* **Aim of the exercise**: In the listing that follows, count each line containing the string "bottom" and report only the count.

* **The input**:
▼▼▼

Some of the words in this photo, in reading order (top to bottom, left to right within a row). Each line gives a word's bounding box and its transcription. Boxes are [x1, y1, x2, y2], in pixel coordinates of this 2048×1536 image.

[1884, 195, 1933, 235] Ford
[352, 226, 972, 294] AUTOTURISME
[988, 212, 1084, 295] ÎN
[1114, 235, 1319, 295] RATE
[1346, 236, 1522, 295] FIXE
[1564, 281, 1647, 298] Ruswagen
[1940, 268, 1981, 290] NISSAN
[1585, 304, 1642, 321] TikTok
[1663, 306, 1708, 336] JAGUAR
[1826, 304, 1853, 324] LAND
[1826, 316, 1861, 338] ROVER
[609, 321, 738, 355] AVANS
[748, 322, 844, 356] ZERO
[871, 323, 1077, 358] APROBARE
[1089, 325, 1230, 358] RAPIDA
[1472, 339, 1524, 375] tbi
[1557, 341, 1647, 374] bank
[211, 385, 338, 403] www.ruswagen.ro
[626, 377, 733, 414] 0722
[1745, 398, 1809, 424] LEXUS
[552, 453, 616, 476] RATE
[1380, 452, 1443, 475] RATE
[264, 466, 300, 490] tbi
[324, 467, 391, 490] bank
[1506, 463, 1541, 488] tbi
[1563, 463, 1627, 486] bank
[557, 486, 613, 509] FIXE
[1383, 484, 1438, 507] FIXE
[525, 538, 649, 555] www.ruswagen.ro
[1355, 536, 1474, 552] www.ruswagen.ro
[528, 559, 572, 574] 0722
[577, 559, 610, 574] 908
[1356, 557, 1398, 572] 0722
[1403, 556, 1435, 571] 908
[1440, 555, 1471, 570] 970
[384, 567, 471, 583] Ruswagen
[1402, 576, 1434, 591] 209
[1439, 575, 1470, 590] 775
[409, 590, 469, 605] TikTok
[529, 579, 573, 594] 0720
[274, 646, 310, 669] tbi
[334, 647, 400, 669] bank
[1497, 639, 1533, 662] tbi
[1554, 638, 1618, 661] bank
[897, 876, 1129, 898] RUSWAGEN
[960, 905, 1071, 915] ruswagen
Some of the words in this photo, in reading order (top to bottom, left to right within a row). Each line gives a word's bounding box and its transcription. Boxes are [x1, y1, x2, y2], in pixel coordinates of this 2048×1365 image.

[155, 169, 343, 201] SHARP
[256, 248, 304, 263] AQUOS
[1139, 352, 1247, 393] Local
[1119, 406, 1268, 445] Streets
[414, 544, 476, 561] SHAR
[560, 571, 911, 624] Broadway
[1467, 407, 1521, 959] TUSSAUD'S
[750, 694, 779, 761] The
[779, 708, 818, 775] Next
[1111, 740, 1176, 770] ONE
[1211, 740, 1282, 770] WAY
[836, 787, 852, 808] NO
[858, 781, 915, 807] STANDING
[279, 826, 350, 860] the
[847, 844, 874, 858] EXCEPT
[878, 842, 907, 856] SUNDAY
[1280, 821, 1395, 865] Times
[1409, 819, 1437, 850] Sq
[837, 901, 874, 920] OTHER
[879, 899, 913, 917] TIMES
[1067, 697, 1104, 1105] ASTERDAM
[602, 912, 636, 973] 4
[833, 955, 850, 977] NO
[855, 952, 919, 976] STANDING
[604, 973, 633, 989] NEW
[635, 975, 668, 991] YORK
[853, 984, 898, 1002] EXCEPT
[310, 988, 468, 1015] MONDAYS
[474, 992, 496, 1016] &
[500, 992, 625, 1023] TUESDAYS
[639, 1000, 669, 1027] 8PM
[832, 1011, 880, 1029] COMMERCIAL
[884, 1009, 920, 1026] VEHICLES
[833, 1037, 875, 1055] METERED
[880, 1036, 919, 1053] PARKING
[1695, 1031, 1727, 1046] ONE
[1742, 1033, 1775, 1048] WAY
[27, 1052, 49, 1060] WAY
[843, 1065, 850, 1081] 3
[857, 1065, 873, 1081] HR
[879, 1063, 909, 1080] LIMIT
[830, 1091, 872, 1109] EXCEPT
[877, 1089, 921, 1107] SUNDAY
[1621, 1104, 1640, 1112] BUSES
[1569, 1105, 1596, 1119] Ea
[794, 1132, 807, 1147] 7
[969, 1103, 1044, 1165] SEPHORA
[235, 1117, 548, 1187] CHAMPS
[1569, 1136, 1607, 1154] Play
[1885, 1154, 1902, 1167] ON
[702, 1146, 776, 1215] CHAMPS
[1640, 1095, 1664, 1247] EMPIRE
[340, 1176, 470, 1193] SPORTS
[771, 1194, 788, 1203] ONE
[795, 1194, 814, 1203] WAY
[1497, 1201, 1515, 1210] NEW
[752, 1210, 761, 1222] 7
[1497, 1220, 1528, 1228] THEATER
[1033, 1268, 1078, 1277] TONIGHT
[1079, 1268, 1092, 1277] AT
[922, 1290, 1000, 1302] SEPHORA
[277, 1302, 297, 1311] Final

▲▲▲

* **Result**: 2